Underground Man: The Curious Case of Mark Zborowski and the Writing of a Modern Jewish Classic

2010
Author(s)
Publisher
Jewish Review of Books
Journal Article - Steven Zipperstein

The most influential of all popular renderings of Eastern European Jewry in the English language and, arguably, the book that Jewish historians of the region loathe more than any other, is Life is with People. Few books written in the last half-century have more resolutely enveloped the Eastern European Jewish past in nostalgic amber.

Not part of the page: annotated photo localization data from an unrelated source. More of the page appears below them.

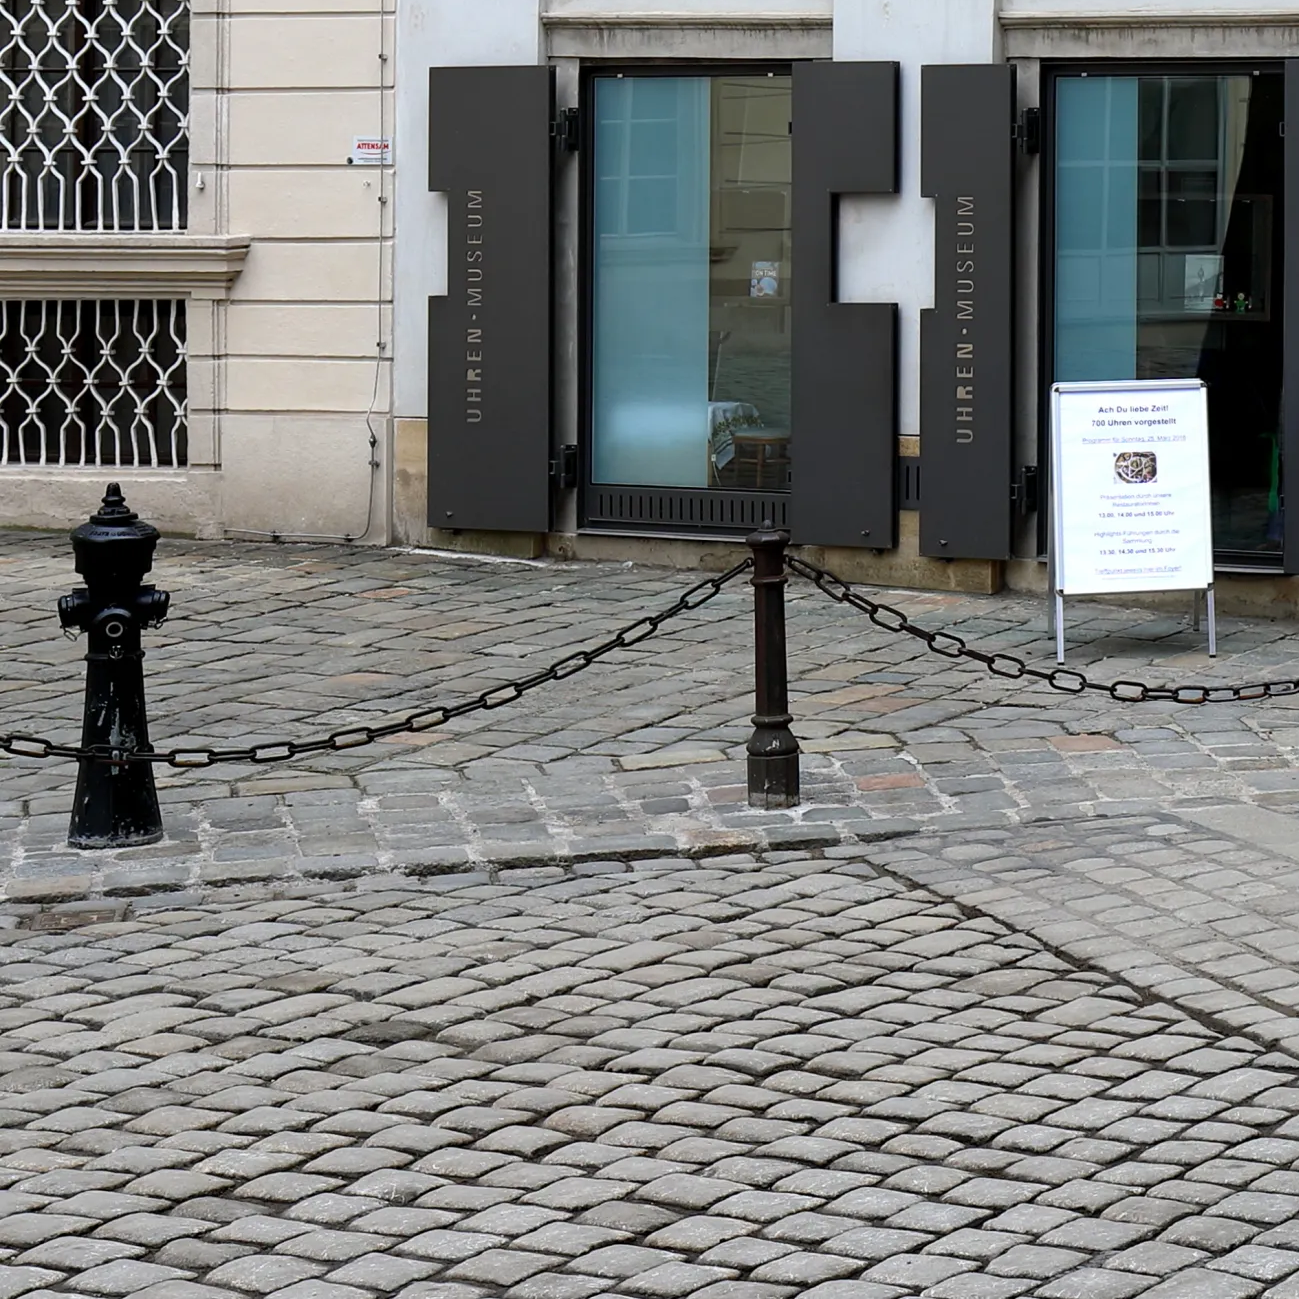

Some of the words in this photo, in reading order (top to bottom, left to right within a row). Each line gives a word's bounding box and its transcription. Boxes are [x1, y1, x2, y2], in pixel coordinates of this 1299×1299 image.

[1098, 406, 1114, 414] Ach
[1130, 405, 1149, 413] liebe
[1108, 419, 1132, 427] Uhren
[1135, 418, 1177, 426] vorgestellt
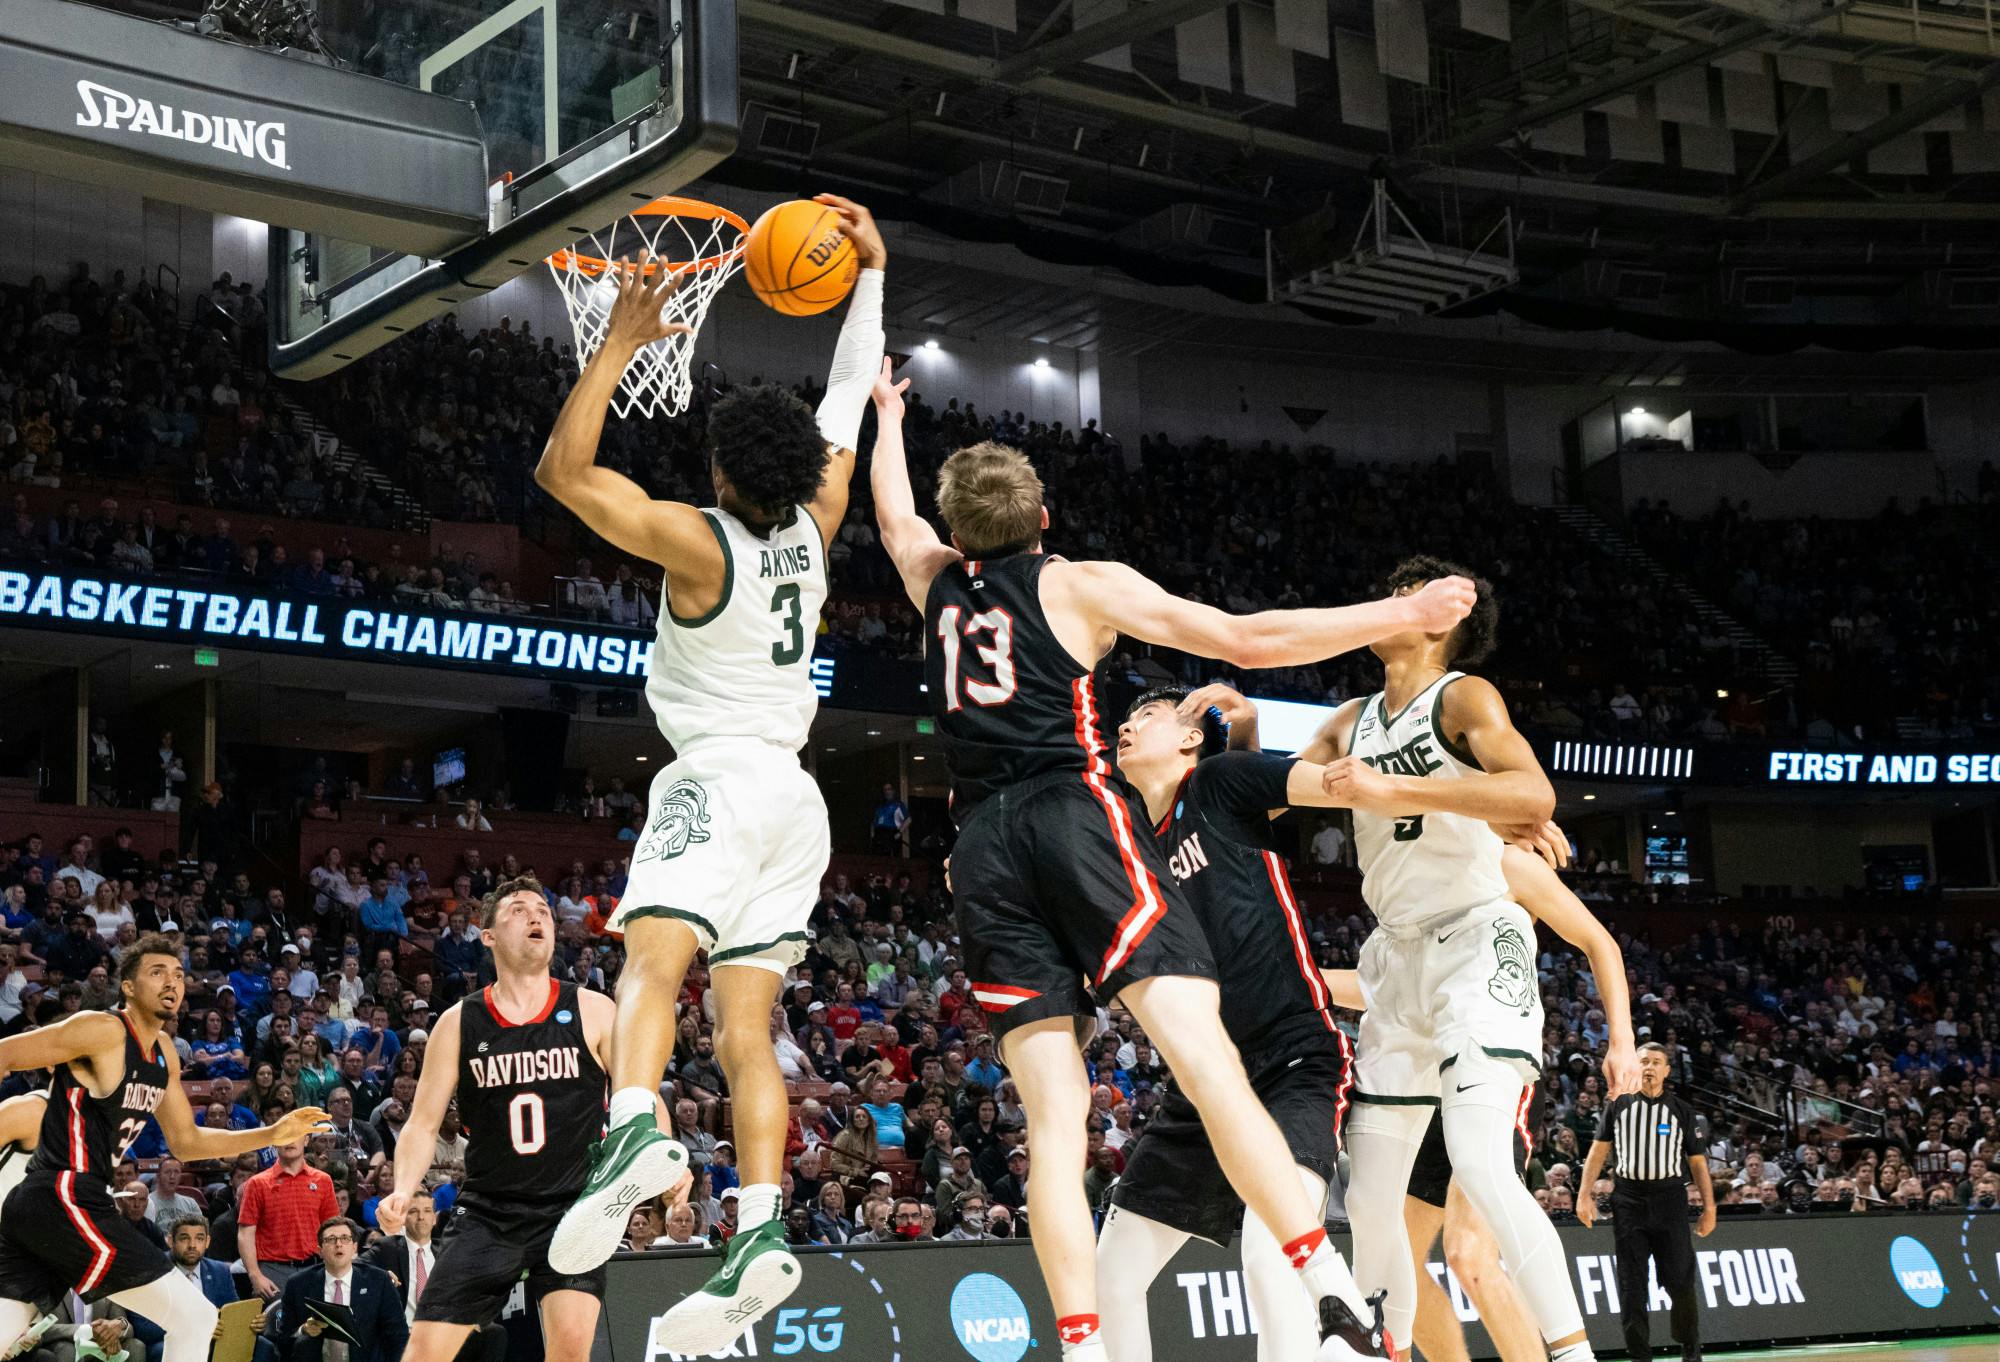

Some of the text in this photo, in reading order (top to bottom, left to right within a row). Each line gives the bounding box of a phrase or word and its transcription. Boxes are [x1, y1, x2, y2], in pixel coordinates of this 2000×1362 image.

[77, 79, 288, 170] SPALDING
[759, 544, 811, 578] AKINS
[0, 571, 656, 677] BASKETBALL CHAMPIONSH
[770, 582, 804, 666] 3
[937, 604, 1018, 712] 13
[1769, 751, 1863, 782] FIRST
[1868, 754, 1937, 783] AND
[469, 1046, 580, 1088] DAVIDSON
[121, 1082, 166, 1114] DAVIDSO
[508, 1091, 547, 1156] 0
[1176, 1269, 1259, 1339] TH
[1696, 1247, 1806, 1309] FOUR
[1901, 1269, 1945, 1290] NCAA
[773, 1306, 844, 1356] 5G
[963, 1316, 1031, 1344] NCAA
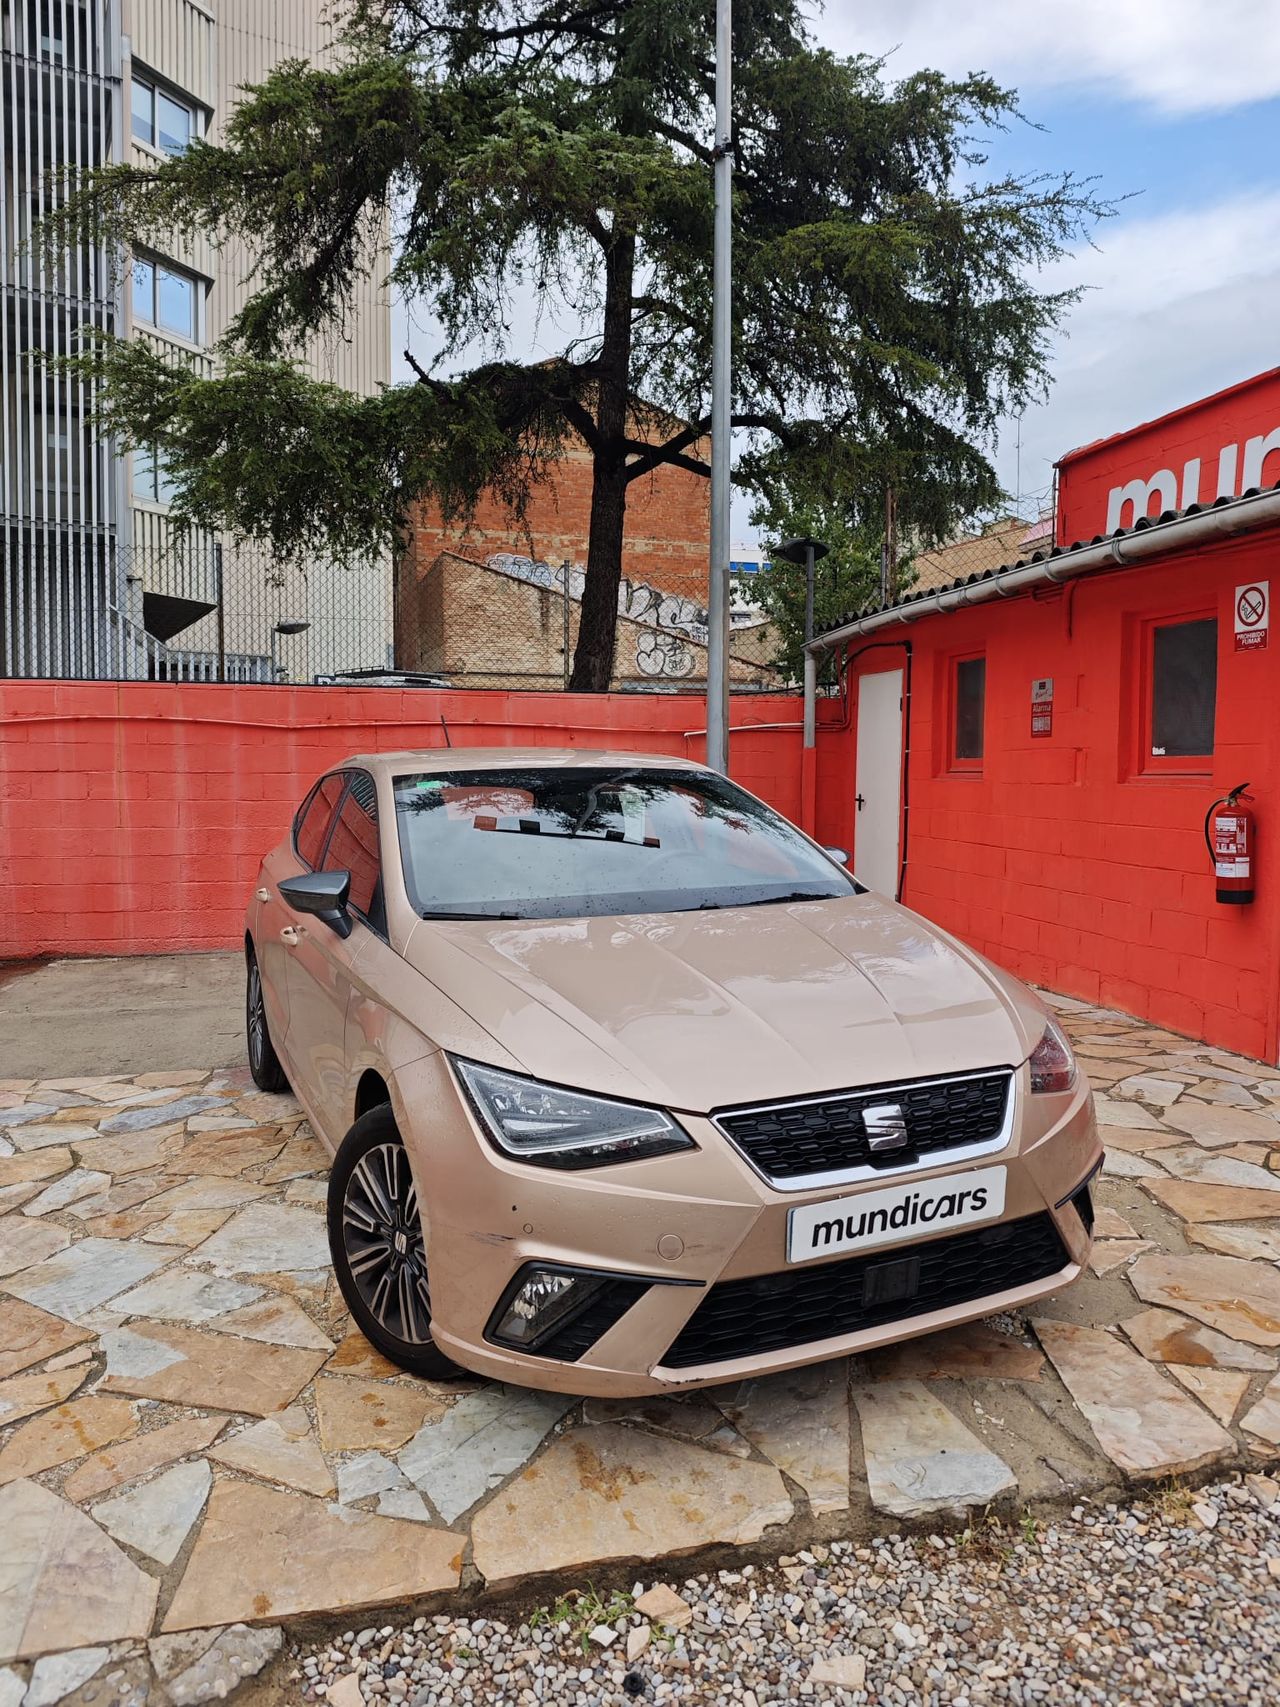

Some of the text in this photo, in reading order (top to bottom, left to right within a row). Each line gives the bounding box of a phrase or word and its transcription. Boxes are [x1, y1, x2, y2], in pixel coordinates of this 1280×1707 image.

[1236, 630, 1265, 640] PROHIBIDO
[1241, 637, 1261, 645] FUMAR
[811, 1187, 988, 1248] mundicars
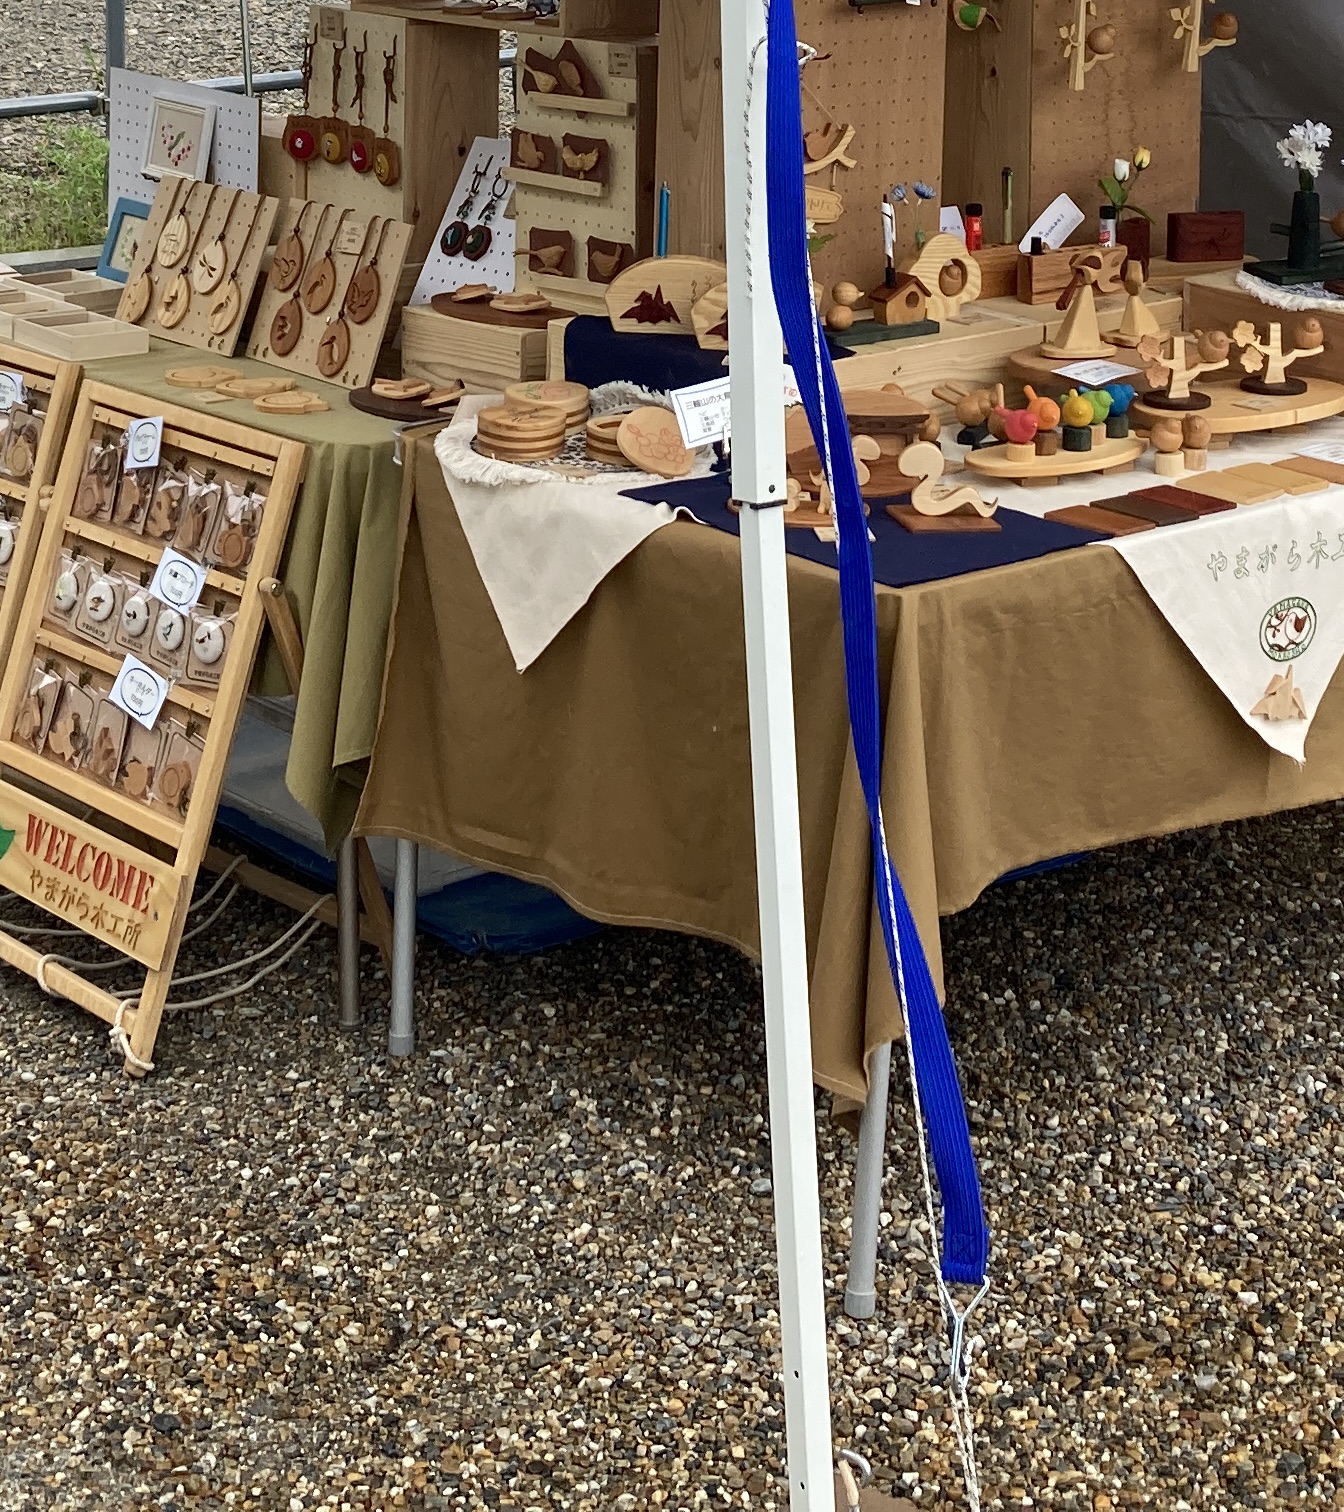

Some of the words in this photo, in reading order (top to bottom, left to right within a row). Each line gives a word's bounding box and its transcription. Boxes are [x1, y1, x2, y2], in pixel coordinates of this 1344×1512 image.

It was, to be sure, only one of a cascade of books, some of them translated from Yiddish, that sought to do much the same thing in the midst or the immediate wake of Hitler’s war, among them Maurice Samuel’s The World of Shalom Aleichem, Bella Chagall’s memoir Burning Lights, Abraham Joshua Heschel’s elegy The Earth is the Lord’s, and Roman Vishniac’s book of photographs Polish Jews. But Life is with People was the most ambitious of the lot. Published in 1952, it sought to capture an entire civilization from cradle to grave in 400-odd pages of accessible, even buoyant prose. The world it explored was, it insisted, continuous with—but also distinct from—everything around it, not quite part of Russia or Poland yet inside both, a kind of island of unadulterated Yiddishkayt before it was diluted, then destroyed.